There comes a time when every person and or organization has to take a principled stand and now is that time for your organization. When the government of Canada says no to signing onto an IGA, which would be tantamount to political suicide, it’s going to land squarely in your court. Are you going to compromise the rights of your loyal customers to respond to what amounts to IRS extortion? Do you think your members and shareholders would support a strong, principled, well funded resistance? Absolutely, once they know the facts. Get the facts out there. Spend some of our money edifying people on this issue. Use the press, use your members resources like the annual rational for increasing fee structures.
It is what it is: The school yard bully wants your lunch money. How do we instruct our kids to handle bully’s? Bully’s don’t expect a fight. It’s time you guys gave them one. It’s time you guys gave something meaningful back to your loyal customers and helped the government of Canada on this issue. Stand up and show some courage and initiative.
I’ll be the first one in line to sign onto a class action if any of my banks ask me where I was born. I’m a Canadian ….end of story.

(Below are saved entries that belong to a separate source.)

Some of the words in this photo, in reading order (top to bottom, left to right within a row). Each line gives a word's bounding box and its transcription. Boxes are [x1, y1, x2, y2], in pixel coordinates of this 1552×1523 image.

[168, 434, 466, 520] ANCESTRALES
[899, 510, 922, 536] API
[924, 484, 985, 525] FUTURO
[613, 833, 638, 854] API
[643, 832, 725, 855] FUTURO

[Name withheld by request]
The banks want the IGA for two reasons:
1. They know that without an IGA they will be in violation of a number of Canadian laws if they comply with FATCA; and
2. It is in their business interests to comply with FATCA. To put it another way:
It helps the banks to hurt Canada.
There is far too much focus on lobbying the Government of Canada against an IGA and far too little pressure on the banks. The banks should be targeted for lawful but visible protests. In fact the Isaac Brock Society should have a separate page for each bank which will then be used to make comments about that specific bank.
The banks have demonstrated that they are the big problem.

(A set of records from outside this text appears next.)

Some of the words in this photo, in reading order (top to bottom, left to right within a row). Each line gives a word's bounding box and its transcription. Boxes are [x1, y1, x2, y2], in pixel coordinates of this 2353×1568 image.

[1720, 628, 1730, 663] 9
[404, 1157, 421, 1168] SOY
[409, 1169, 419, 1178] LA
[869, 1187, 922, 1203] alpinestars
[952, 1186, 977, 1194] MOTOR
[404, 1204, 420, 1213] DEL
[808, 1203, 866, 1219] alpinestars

I think the author has a good point (which I put in bold face in the letter): It is a violation of the Charter of Rights article 15 for the banks to comply with FATCA, IGA or not.

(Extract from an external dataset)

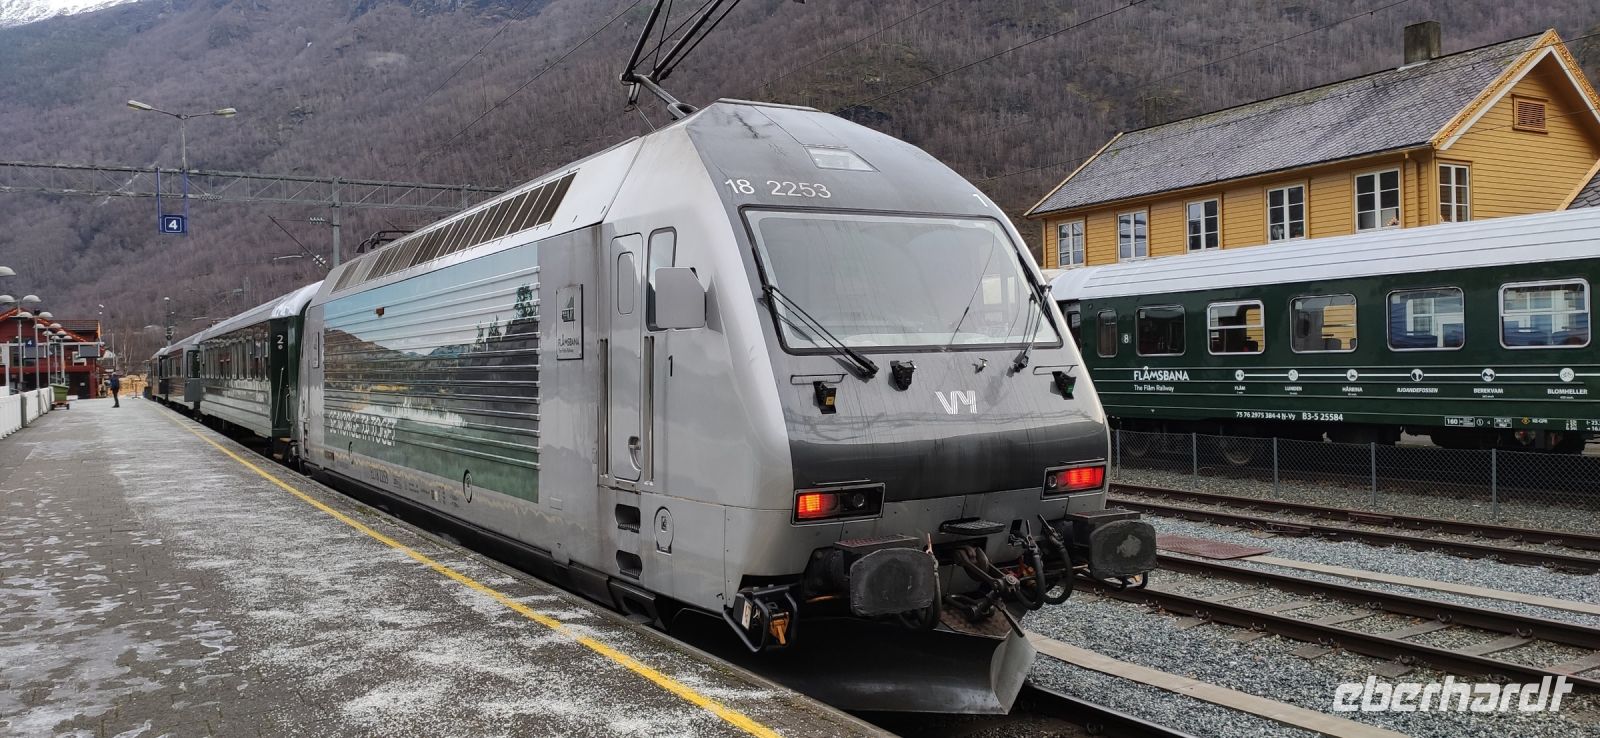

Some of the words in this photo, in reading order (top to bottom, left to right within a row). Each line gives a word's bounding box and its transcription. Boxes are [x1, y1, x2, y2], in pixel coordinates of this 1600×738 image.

They should operate in the fear of lawsuits. The bank protest is a good idea.
This is an excellent letter. If the person gets any reply from CBA, I hope he or she will share that reply with us.
I think USCitizenAbroad’s suggestion for a separate page, or thread, for each Canadian bank, is a great idea. I think credit unions should be included in that, if any of them start asking “the question.”
We’ve already heard that some investment firms in Canada are asking the question. On the Sandbox site I recall there was one firm I think in New Brunswick, I don’t know its name and I don’t recall that it was mentioned. The question was, if I recall correctly, and open-ended one with a blank space, worded “is there any reason the US might consider you to be a US person?” The individual reporting this, who has a CLN (of which the agent he was meeting with apparently was aware) asked “should I say no?” and was told “say not applicable.” (Another possible reply, though not one perhaps likely to avoid a “recalcitrant” rating or a rejection of the account application, might be “how the hell should I know what ‘the US,’ personified by whom or whatever, thinks about anythi ng?”)
Scotia iTrade has been asking the following question on its on-line account application form:
“Are you considered to be a US person?” with a drop-down menu of choices. Interestingly, the first and only negative choice available is “not applicable” followed by a lot of other choices. I’ll leave for the gentle reader to ponder the wisdom and utility of asking that particular question the way they did … and how a given reader might choose to answer it. “Not applicable” being the very first choice, strikes me as an appropriate reply for a very large number of persons. Regrettably, “none of your g*******d business” is missing from the selection.
It isn’t just about chartered banks; it’s also about investment firms and brokerages. However, I’m not sure whether the brokerage and investment houses are legally obliged to accept your application, subject to credit approve, the way I think the banks are. Maybe someone more familiar than I (which wouldn’t be hard) with our laws governing various financial institutions in Canada could comment on that.
“Not applicable” seems to be the way the FI is allowing you to say “no”, without actually saying “no”. The only real possible answers are “yes”, “no”, or “don’t know” (although I do like “none of your g*******d business”, and “how the hell should I know what the US …”). “Not applicable” doesn’t answer the question, and could in fact be interpreted in a number of ways (e.g. “I’m a Canadian citizen and resident of Canada, opening a local bank account in Canada, where I live, with a Canadian bank, so this question is ‘not applicable'”).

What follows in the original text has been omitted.